它們不久前還是一隻人畜無害的小兔,在她手中任憑揉搓,如今卻散作一團洶湧的霧,自她腕骨向下,途徑手臂、肩膀與腹部,盤旋於少女纖柔的腰。
和謝尋非一樣,她也怕癢。
尤其是在這種昏暗無光,四面八方全是黑影的地方、以這種曖昧至極的姿勢。
……這絕對是報復。
魔氣涌動的觸感時隱時現,如同笨拙又溫柔的撫摸,秦蘿止不住發抖,抬眸怯怯看他,眼中蘊了水光。

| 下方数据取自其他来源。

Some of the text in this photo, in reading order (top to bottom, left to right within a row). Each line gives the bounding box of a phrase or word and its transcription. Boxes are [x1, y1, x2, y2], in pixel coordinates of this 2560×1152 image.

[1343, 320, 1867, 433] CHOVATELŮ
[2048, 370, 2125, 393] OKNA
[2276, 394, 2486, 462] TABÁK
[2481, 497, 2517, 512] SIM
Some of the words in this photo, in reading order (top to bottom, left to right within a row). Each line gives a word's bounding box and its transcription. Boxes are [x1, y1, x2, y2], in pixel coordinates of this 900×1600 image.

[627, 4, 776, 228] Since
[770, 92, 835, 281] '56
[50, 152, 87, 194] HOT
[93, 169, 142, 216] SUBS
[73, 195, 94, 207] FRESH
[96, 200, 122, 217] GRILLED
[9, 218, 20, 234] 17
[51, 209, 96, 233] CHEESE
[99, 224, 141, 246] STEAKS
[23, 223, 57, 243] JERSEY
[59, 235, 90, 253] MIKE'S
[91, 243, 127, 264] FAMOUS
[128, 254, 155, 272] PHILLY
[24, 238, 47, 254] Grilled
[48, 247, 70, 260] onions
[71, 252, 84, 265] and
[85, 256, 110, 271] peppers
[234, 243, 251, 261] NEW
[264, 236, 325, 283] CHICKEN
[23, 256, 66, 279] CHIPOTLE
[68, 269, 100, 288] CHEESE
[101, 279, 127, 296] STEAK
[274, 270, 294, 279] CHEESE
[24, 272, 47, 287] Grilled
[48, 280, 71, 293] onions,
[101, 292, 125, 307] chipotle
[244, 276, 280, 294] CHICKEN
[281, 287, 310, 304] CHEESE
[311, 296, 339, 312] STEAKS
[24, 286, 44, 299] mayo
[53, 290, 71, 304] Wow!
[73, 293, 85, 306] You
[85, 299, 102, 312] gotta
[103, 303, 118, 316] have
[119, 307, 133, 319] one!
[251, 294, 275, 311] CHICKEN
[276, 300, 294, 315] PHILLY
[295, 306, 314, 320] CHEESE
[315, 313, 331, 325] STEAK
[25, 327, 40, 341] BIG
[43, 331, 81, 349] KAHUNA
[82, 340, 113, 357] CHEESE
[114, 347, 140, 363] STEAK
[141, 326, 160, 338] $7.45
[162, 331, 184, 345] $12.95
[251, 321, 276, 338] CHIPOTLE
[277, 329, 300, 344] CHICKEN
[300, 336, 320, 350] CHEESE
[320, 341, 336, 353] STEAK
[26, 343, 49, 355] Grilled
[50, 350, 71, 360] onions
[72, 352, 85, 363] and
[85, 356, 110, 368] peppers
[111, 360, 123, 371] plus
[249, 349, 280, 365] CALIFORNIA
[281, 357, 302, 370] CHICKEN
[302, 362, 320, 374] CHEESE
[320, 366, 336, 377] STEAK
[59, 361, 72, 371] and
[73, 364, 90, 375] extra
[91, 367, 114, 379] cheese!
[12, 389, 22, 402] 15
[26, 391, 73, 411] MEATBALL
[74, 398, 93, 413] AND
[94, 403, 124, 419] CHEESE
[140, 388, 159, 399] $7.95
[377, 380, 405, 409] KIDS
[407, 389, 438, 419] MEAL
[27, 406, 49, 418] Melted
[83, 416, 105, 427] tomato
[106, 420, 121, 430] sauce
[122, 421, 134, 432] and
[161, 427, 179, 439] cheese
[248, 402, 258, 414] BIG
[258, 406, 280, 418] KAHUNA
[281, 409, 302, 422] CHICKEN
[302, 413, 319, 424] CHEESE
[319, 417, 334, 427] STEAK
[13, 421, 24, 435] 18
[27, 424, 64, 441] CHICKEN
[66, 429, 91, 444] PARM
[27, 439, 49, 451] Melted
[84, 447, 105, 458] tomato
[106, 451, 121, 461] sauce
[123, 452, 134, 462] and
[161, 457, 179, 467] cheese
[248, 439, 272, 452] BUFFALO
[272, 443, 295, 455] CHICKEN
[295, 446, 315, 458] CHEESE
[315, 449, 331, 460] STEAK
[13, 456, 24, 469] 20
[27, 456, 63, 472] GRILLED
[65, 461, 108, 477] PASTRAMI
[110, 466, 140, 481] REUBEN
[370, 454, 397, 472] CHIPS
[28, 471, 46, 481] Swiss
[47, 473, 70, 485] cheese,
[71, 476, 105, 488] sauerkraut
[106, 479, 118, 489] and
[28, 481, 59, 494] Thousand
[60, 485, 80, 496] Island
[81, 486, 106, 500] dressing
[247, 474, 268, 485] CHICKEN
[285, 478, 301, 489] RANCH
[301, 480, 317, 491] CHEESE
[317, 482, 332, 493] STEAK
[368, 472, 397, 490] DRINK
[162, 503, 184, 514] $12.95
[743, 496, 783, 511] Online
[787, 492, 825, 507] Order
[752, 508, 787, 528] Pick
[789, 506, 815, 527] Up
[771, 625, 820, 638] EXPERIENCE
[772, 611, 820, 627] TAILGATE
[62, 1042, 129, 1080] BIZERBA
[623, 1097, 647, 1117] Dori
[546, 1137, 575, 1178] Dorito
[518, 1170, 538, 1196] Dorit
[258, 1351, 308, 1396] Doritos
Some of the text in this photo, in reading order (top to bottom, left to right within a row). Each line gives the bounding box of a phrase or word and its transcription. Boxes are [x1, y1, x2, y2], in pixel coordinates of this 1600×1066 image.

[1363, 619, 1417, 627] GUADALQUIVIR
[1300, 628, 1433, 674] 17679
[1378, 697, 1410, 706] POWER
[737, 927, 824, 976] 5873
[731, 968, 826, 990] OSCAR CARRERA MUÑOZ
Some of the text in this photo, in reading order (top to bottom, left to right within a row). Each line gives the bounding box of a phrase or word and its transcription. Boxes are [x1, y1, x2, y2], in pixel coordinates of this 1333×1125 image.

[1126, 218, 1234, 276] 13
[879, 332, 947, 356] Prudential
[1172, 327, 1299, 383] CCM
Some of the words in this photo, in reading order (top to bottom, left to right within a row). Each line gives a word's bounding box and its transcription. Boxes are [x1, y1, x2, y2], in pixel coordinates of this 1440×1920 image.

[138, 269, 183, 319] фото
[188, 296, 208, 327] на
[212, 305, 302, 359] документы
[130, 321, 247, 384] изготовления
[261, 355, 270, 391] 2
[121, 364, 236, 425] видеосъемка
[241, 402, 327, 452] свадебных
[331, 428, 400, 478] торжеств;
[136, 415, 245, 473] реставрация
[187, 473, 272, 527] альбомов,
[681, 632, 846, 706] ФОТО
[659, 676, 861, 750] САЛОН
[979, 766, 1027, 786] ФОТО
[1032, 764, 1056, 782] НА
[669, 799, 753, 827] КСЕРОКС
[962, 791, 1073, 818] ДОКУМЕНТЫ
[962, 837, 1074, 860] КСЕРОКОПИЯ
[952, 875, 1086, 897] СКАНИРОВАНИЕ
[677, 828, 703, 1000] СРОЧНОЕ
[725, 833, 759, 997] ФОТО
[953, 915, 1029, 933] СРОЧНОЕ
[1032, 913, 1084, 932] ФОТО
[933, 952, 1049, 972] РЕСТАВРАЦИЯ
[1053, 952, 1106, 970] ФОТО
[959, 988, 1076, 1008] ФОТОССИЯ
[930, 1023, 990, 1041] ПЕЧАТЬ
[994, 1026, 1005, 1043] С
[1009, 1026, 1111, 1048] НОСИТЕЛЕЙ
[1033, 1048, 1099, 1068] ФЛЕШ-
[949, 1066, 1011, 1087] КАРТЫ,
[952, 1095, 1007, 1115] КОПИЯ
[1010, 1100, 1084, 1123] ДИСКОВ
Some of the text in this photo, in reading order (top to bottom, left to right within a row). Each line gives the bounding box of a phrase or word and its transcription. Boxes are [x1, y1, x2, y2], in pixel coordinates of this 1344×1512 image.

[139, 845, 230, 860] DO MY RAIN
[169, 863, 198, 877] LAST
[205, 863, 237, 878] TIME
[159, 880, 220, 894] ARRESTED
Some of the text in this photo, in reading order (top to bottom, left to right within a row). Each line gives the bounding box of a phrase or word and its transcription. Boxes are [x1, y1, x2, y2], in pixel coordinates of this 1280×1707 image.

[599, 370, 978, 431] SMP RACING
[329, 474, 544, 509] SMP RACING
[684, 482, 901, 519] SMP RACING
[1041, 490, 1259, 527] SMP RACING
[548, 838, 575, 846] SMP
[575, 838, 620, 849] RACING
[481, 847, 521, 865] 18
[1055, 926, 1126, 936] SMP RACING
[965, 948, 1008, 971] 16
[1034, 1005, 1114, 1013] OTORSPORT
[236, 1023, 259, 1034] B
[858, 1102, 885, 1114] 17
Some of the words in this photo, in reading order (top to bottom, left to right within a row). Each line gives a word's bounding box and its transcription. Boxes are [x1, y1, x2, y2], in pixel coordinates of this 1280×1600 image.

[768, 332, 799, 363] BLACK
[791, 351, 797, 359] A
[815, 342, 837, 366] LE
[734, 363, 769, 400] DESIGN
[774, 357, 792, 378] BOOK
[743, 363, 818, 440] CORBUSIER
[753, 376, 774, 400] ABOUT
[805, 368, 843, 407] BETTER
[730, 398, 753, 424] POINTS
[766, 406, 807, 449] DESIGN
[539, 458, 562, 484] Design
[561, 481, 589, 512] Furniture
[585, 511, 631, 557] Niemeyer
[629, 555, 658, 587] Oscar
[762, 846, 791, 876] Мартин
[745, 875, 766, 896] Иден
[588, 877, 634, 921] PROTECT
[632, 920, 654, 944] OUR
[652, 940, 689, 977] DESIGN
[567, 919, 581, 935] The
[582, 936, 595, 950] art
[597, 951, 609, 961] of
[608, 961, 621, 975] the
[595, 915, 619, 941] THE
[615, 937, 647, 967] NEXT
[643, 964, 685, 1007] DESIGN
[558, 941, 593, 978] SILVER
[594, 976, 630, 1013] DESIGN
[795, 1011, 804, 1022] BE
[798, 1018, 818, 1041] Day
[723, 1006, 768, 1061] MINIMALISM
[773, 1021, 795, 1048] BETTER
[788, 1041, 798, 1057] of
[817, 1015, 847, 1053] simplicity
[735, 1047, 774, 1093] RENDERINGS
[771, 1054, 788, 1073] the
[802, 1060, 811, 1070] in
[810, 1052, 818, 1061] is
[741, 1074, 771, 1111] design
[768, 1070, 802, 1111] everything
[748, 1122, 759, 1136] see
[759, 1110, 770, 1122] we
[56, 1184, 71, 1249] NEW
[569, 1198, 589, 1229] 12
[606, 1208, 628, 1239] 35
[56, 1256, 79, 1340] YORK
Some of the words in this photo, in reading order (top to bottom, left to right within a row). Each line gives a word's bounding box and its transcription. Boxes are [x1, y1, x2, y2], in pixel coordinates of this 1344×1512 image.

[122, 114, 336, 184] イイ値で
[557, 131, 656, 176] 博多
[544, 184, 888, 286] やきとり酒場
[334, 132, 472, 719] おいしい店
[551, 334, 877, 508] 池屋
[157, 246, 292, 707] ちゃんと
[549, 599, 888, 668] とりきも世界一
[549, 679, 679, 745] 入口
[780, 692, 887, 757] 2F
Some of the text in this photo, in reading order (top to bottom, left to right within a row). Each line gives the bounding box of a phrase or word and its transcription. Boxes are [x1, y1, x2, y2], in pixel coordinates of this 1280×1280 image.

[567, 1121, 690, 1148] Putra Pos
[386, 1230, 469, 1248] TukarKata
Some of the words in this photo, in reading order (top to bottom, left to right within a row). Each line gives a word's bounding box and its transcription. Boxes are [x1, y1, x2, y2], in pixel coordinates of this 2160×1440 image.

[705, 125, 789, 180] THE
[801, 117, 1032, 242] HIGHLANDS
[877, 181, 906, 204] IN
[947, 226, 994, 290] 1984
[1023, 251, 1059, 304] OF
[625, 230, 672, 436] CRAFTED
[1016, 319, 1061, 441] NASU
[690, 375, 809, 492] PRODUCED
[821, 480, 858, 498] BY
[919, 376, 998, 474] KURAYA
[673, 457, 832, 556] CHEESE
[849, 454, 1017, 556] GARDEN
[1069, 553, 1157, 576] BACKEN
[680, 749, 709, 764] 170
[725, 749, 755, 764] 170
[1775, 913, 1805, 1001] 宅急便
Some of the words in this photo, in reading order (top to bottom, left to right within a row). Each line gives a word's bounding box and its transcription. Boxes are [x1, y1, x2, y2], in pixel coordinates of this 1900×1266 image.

謝尋非吻過她額頭,宛如蜻蜓點水,旋即順勢而下,在眼尾輕輕一壓。
像是觸碰著某種脆弱的瓷器,沒用上一絲一毫氣力。
「謝哥哥。」
這種若即若離的觸感如同羽毛,撩得心口嗡嗡作響,涌動的暗流帶來源源不斷的電流,秦蘿哪裡受得住這樣的撩撥,嗓音發顫,低不可聞:「……癢。」
她開口的瞬息,臉上紅暈越濃,沉默須臾,又撒嬌似的開口:「以後、以後不欺負你,我不捏……不捏兔子了。」
身前的少年動作一滯。
纏在她手腕上的魔氣早已鬆開,而今分出圓圓一縷,再度凝成一隻胖胖的小兔。
秦蘿臉上熱得發懵,猝不及防,聽見謝尋非擦過耳畔的聲線:「你碰一碰它。」
她猶豫一剎,終究敗在這道示弱般的低語下,用手心摸了摸兔子腦袋。
圓滾滾的黑團團似是覺得開心,貼上她指尖。
「你說過喜歡它。」
謝尋非的薄唇划過她鼻尖,有一下沒一下貼上唇瓣,嗓音微弱又無辜:「我小時候……一直厭煩它,它和所有人都不一樣,城裡的人說我是怪物。」
小小的反抗消退下去,秦蘿停下動作。
「後來你說喜歡它。」
他長睫輕顫,覆下濃郁而晦暗的陰影,目光卻是澄澈乾淨,如同乖馴的狗狗:「只要你喜歡它……無論如何,都沒有關係了。」
秦蘿的胸口快要軟得一塌糊塗。
都說謝尋非被她吃得夠死,她也從未逃過他的攻勢。
……像是在撒嬌。
魔氣緩緩擴散,壓上她的脊背與蝴蝶骨,少年的喉音仍未停下,撩得她渾身發軟。
謝尋非說:「對不起……我只是太高興,想用它多碰碰你。」
咔擦。
心口的最後一道防線轟然失守,秦蘿抿抿唇,踮起腳尖。
她的親吻毫無徵兆,轉眼便壓上對方唇瓣,謝尋非氣息亂作一團,生澀伸出手來,撫在她後背上。
於是縹緲的魔氣被有實質的手掌取代,熱氣透過衣衫,仿佛能感受到粗糙的繭,讓她狼狽吸了口氣。
「想碰它沒關係……只有你能摸。」
屬於他識海深處、最為隱秘的魔氣悄然涌動,纏上少女白瓷般的指尖。